Yale Global Tic Severity Scale (YGTSS)

The YGTSS [52] is a clinician-rated, semi-structured interview used to assess the presence and severity of motor and phonic tics over the preceding 7–10 days. Endorsed motor and phonic tics are rated individually on a 0–5 point scale according to number, frequency, intensity, complexity and interference, yielding a Total Tic Severity Score ranging from 0 to 50. After administration, a one item Total Tic Impairment Score ranging from 0 to 50 is also identified, indicating the degree of associated life impairment across interpersonal, academic, and/or occupational realms. The YGTSS demonstrates strong psychometric properties including excellent reliability [52, 53], validity [54], and treatment sensitivity [55, 56].

Children’s Coping Strategies Checklist: Revision 1

The CCSC-R1 [57] is a 54-item self-report questionnaire that measures coping strategies in children within 4 domains: Active Coping (planning/thinking about ways to solve the problem); Avoidance Strategies (efforts of avoiding the problem by staying away from it or leaving it); Support Seeking Strategies (the use of other people as resources to assist in seeking solutions to the problem situation); and Distraction Strategies (efforts to avoid thinking about the problem situation by using distracting stimuli). The CCSC-R1 questions describe different coping efforts the children have used in the past month rated on a 4-point Likert scale (1 = never, 2 = sometimes, 3 = often, 4 = most of the time) [57].

Children’s Yale–Brown Obsessive–Compulsive Scale (CY-BOCS)

The CY-BOCS [58] is a clinician administered, semi-structured scale that measures the presence and severity of obsessive and/or compulsive symptoms over the preceding week. The CY-BOCS consists of two five-item sub-scales, obsession and compulsion severity, which are derived by summing the five respective scale items. All ten items are combined to create a CY-BOCS Total Score, with higher scores indicating more severe symptoms. The CY-BOCS has demonstrated excellent reliability and validity [5861].

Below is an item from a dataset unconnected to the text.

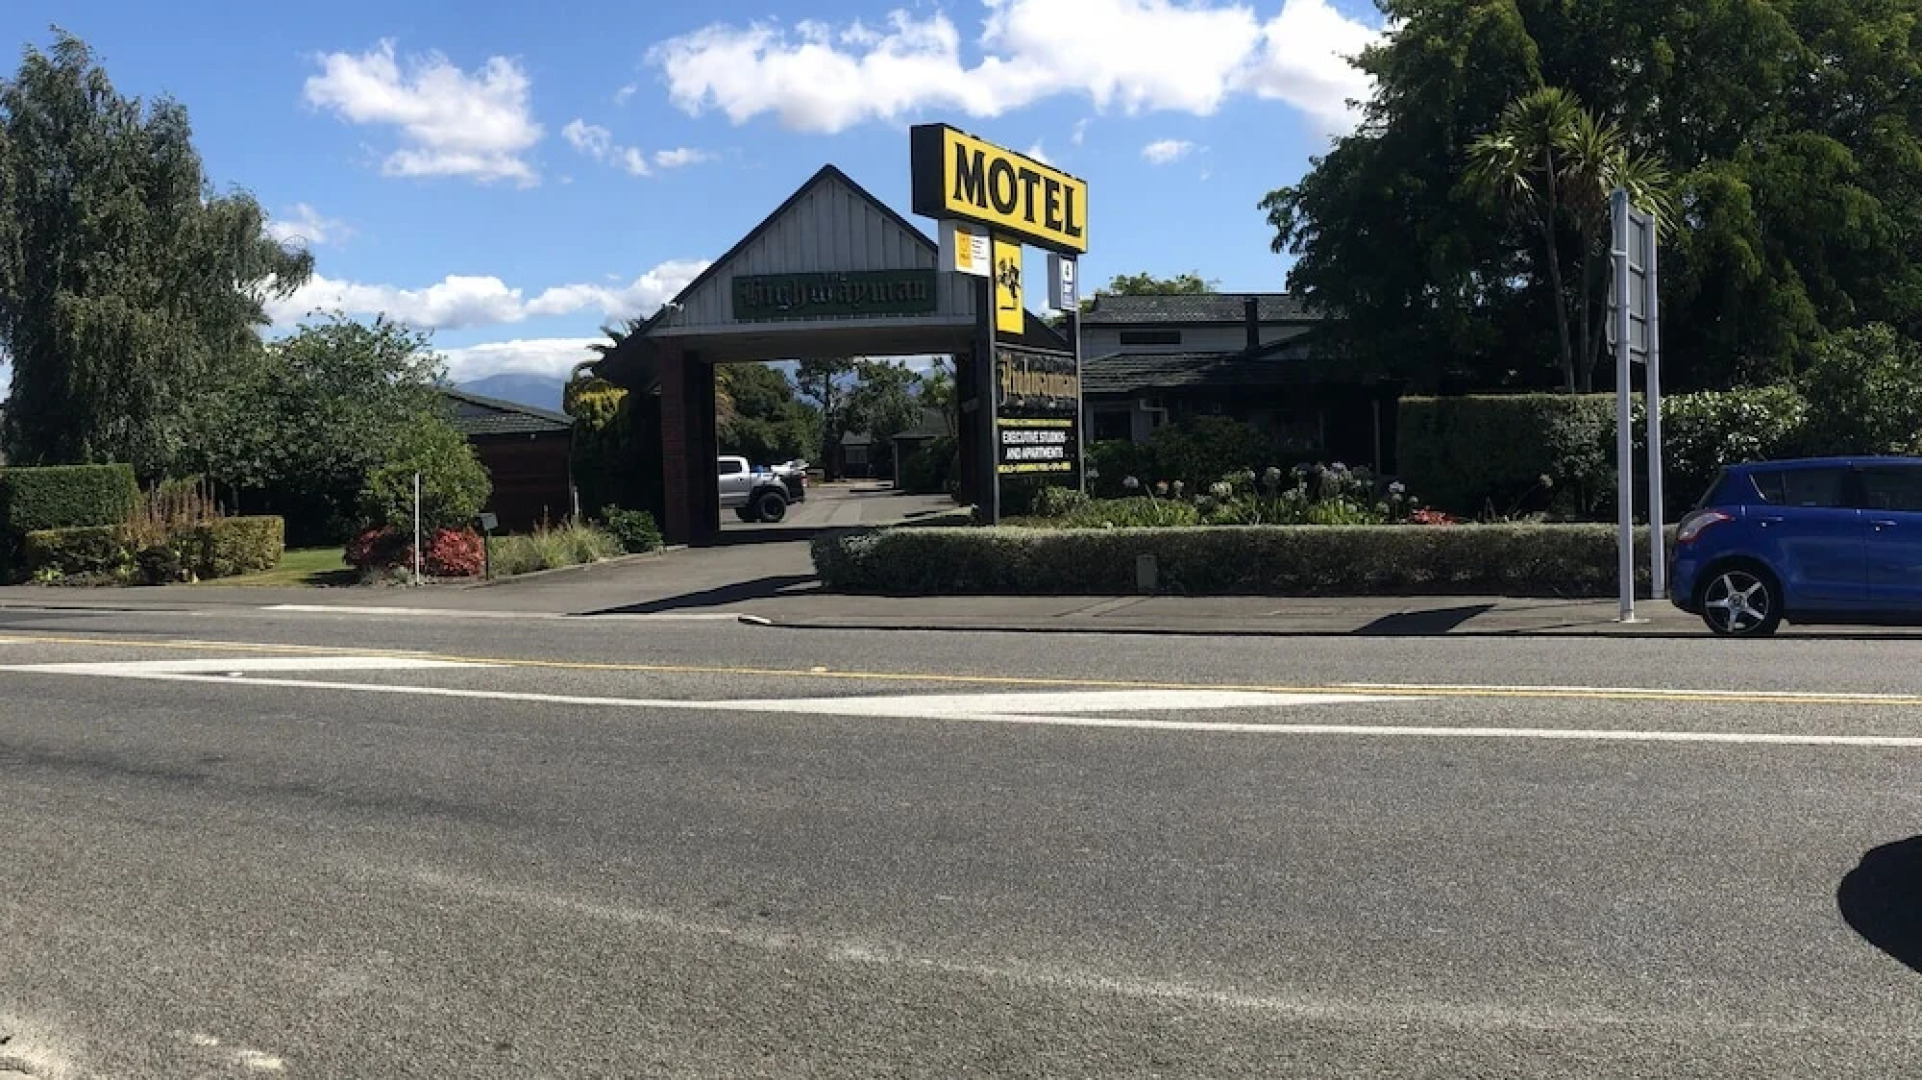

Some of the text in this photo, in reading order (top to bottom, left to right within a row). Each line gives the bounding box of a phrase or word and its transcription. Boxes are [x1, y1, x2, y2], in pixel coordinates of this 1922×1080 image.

[953, 141, 1083, 238] MOTEL
[1002, 430, 1038, 444] EXECUTIVE
[1005, 446, 1064, 460] AND APARTMENTS

Children’s Depression Inventory: Short Form (CDI-S)

The CDI-S [62] is a 10-item child-report measure that assesses the presence and severity of cognitive, affective, or behavioral symptoms of depression experienced by the child. The scale targets factors such as negative mood, anhedonia and poor self-esteem over the previous 2 weeks, with higher scores suggesting more severe depressive symptomology. The CDI/CDI-S has demonstrated good reliability and validity [6265].

Swanson Nolan and Pelham Rating Scale: Fourth Revision

The SNAP-IV [66] is a 26-item, parent-rated questionnaire used to assess ADHD-related symptoms, including nine items for inattention, nine items for hyperactivity/impulsivity, and eight items assessing oppositional defiant disorder (ODD) symptoms. Each item is scored on a 4-point Likert scale (0 = not at all, 1 = just a little, 2 = pretty much, 3 = very much) and average rating per domain is calculated.

Child Behavior Checklist for Ages 6–18

The CBCL [67] is a 113-item parent-report questionnaire that measures the frequency and intensity of behavioral and emotional problems in youth within the last 6 months. Parents rate items on a 3-point Likert scale (0 = not true, 1 = somewhat or sometimes true, 2 = very or often true). The CBCL consists of eight syndrome scales and two composite scales that assess internalizing (Withdrawn, Anxious/Depressed, Somatic Complaints, Social Problems, Thought Problems) and externalizing (Attention Problems, Aggressive Behavior, Delinquent Behavior) forms of psychopathology [68]. The two composite scales (Internalizing and Externalizing) were included in this report. The CBCL has demonstrated excellent psychometric properties [68].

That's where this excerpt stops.